Fed needs recession to win fight against inflation: poll

The Federal Reserve (Fed) will be hard pressed to try to reduce inflation without a significant hit to US economic activity and a sharp rise in unemployment, and even then it may not reach its target of 2% inflation in the coming years, concluded a group of leading economists after a review of past central bank struggles with inflation.

The study looked at 16 cases since the 1950s, including 10 in the United States and others in Germany, Canada and the United Kingdom, in which central banks used rising interest rates to engineer a “disinflation,” which the research defined as a decline in interest rates. in the inflation rate of about 2 percentage points or more.
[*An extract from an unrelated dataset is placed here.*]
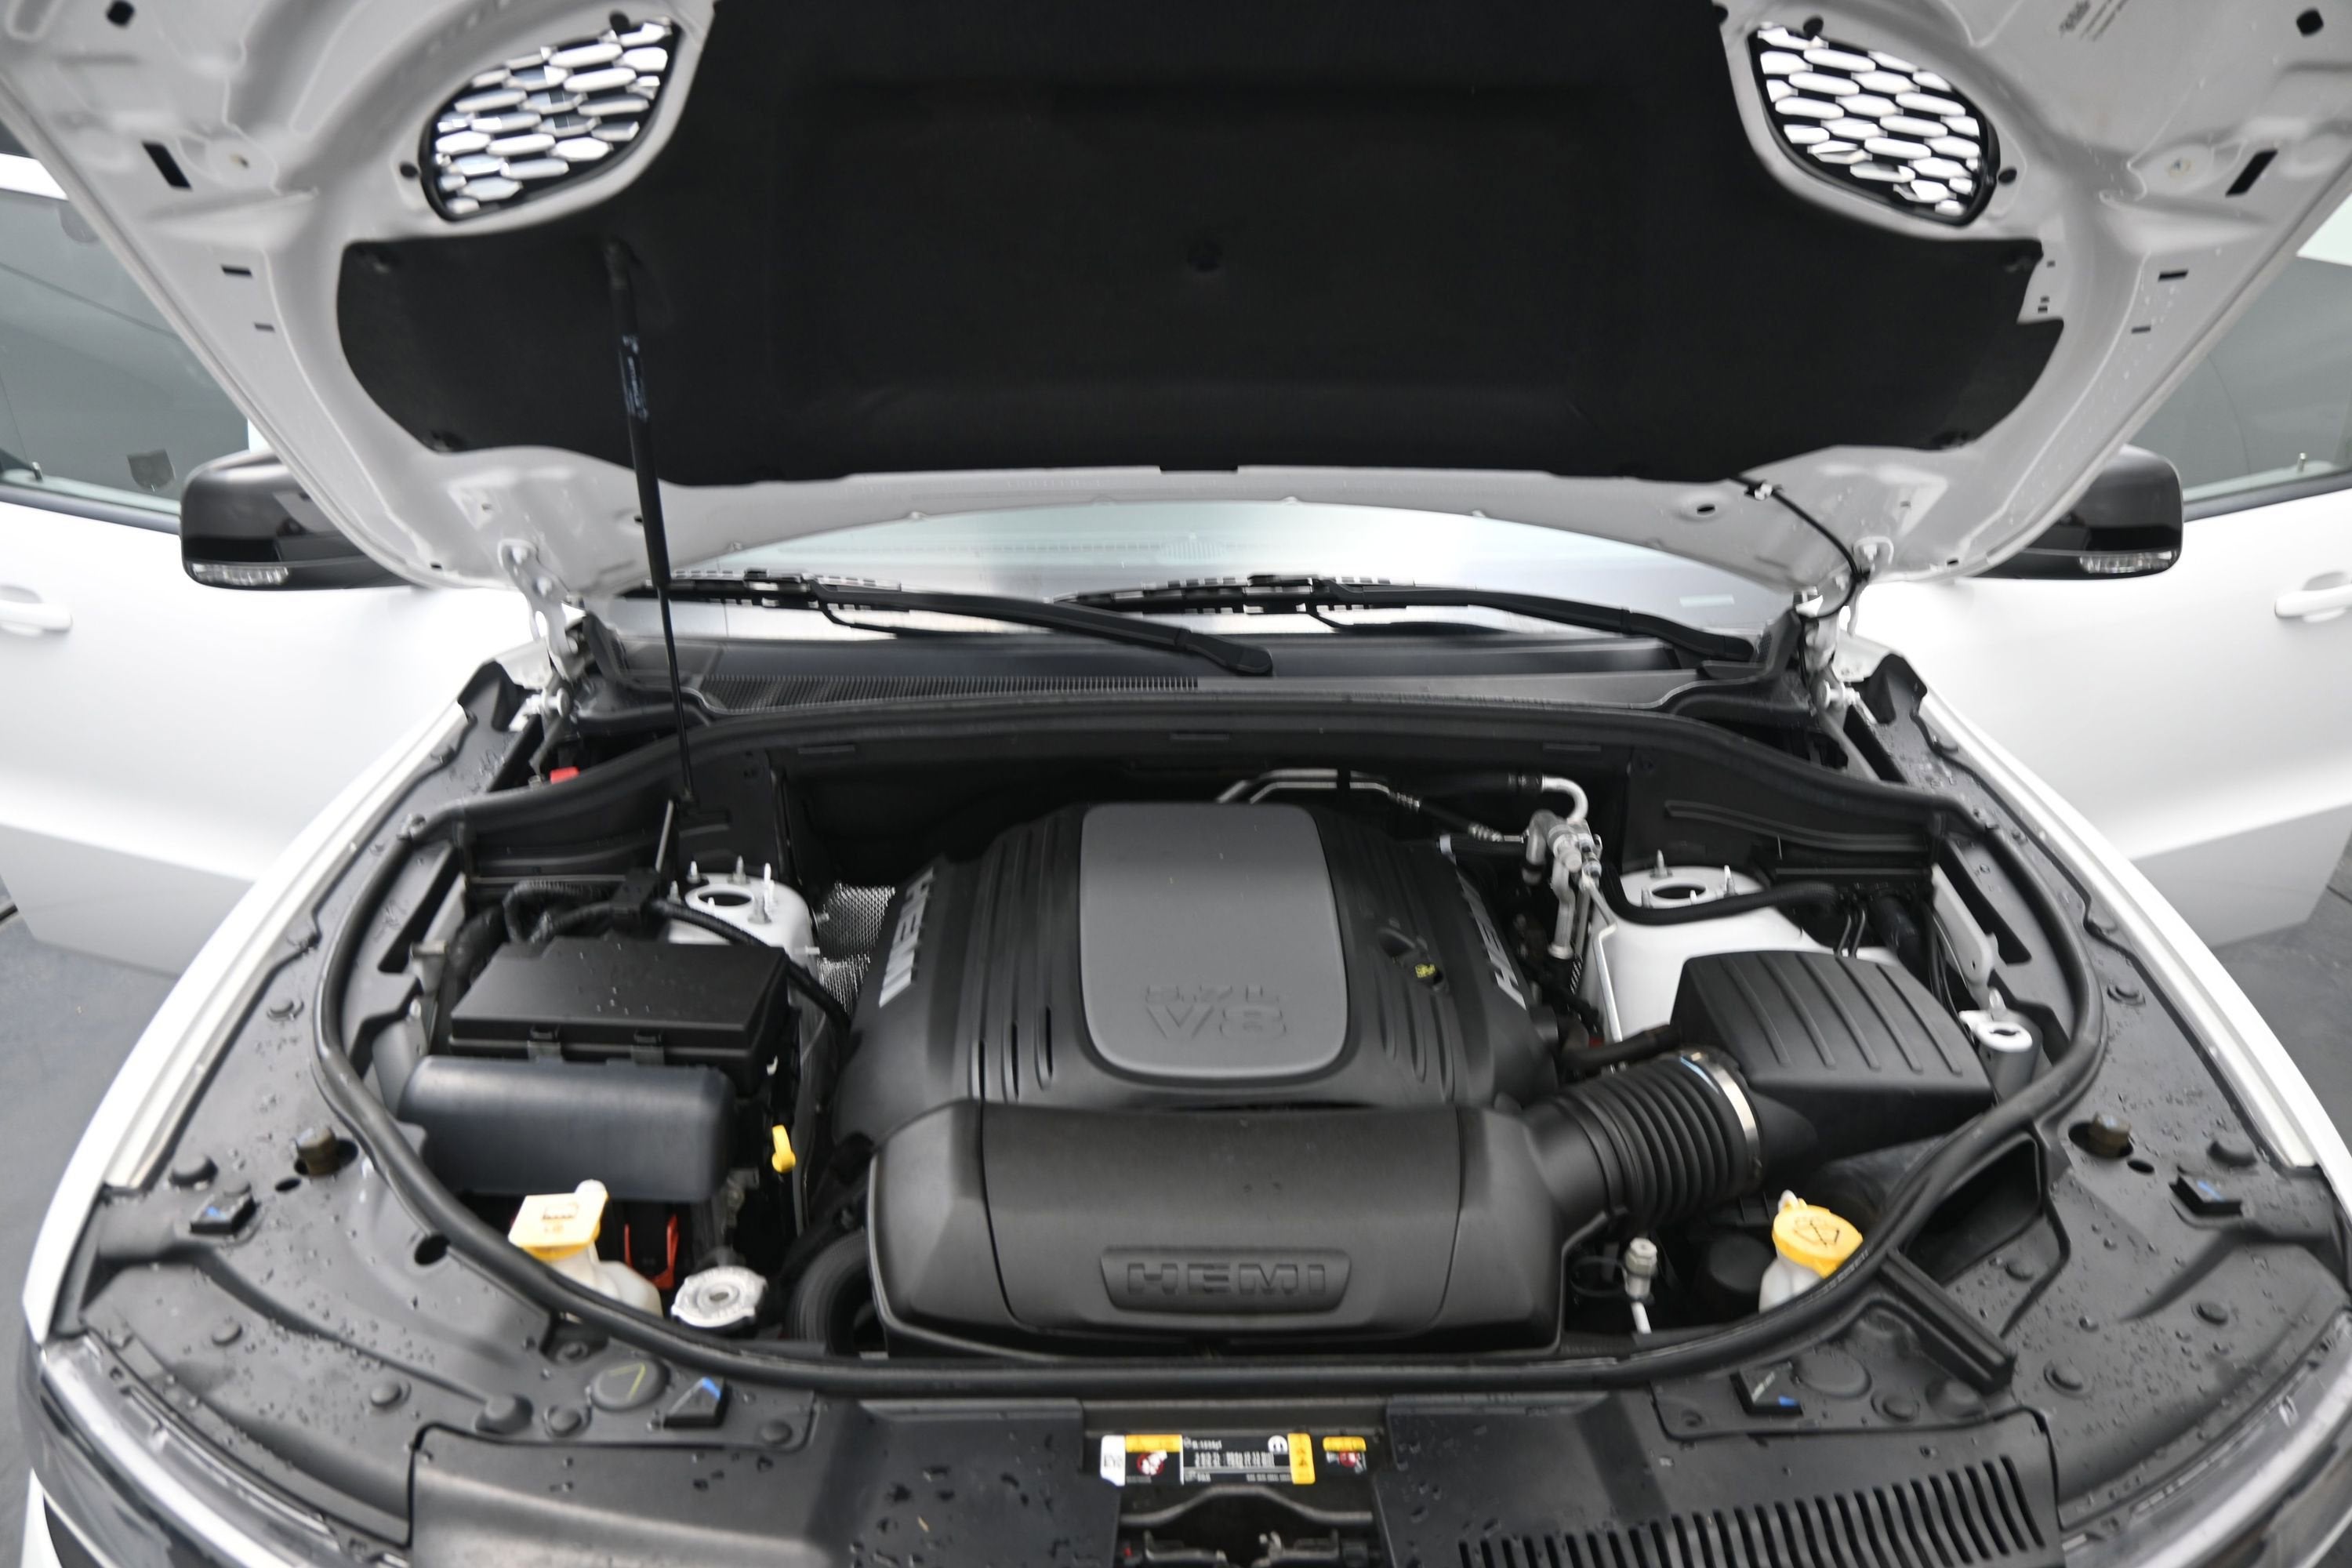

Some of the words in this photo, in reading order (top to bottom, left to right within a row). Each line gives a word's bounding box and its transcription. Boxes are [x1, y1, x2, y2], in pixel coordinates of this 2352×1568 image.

[879, 866, 935, 1008] HEMI
[1456, 869, 1527, 1011] HEMI
[1145, 1004, 1287, 1041] V8
[1127, 1262, 1327, 1295] HEMI
“We found no instances where a significant central bank-induced disinflation occurred without a recession,” the researchers concluded.

Among the study’s authors are Stephen Cecchetti, a professor at the Brandeis International Business School and former economist at the Bank for International Settlements (BIS); Michael Feroli, chief economist at JP Morgan; and Frederic Mishkin, a Columbia Business School professor, former Fed chairman and longtime research collaborator of former Fed Chair Ben Bernanke.
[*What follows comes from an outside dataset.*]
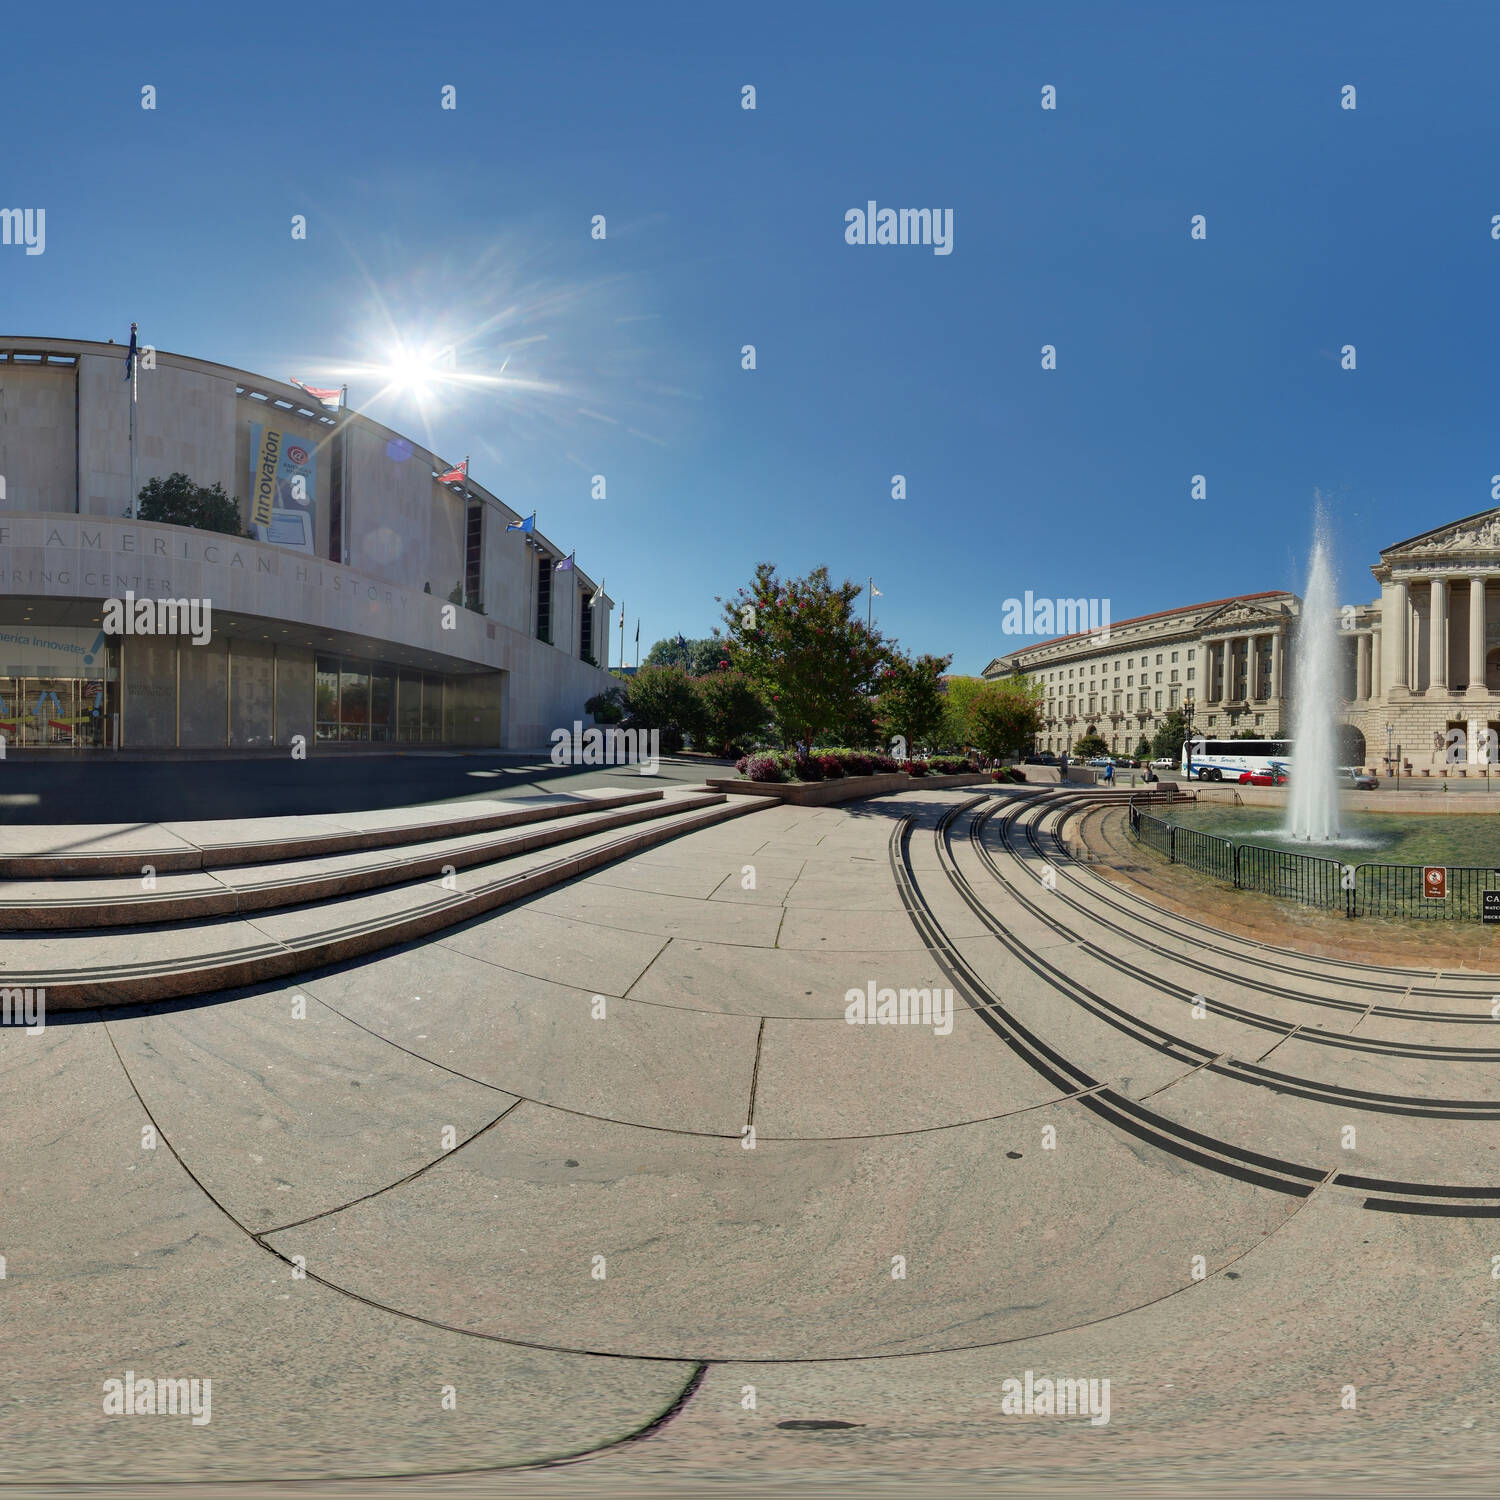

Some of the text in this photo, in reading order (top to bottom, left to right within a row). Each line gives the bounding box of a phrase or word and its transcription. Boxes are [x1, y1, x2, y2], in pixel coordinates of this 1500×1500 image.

[255, 431, 281, 525] Innovation
[46, 529, 271, 574] AMERICAN
[296, 565, 408, 608] HISTORY
[85, 573, 171, 591] CENTER
But a series of rapid rate hikes by the Fed last year, which pushed borrowing costs from nearly zero in March to a range between 4.5% and 4.75% at the central bank’s last meeting, has so far it was relatively free of cost.

Some parts of the economy, such as the housing sector, were hit hard by tighter credit, but the unemployment rate has not budged and overall growth has remained resilient — facts that Fed officials still regard as evidence of a possible “soft landing”. , in which the economy weakens without falling into a recession.

Indeed, researchers said they viewed the Fed’s most recent projections, released in December and expected to be updated in about four weeks, as “benign.” Prognoses include a drop in inflation to 2.1% by the end of 2025, with economic growth and an increase in unemployment to just around 4.6%.

In the opinion of the study’s authors, “the cost of bringing inflation down to the Fed’s 2% target by 2025 is likely to be associated with at least a mild recession.”

While they also credit the authorities with trying to make up for the loss over the past year with faster rate hikes, they also project a difficult trajectory ahead, in which reducing inflation will become progressively more difficult after an initial round. of progress.

Their preferred model estimates that with a benchmark interest rate peaking at around 5.6% this year – already up from the 5.1% projected by Fed officials in December – inflation will fall to just 3.7%. % at the end of 2025.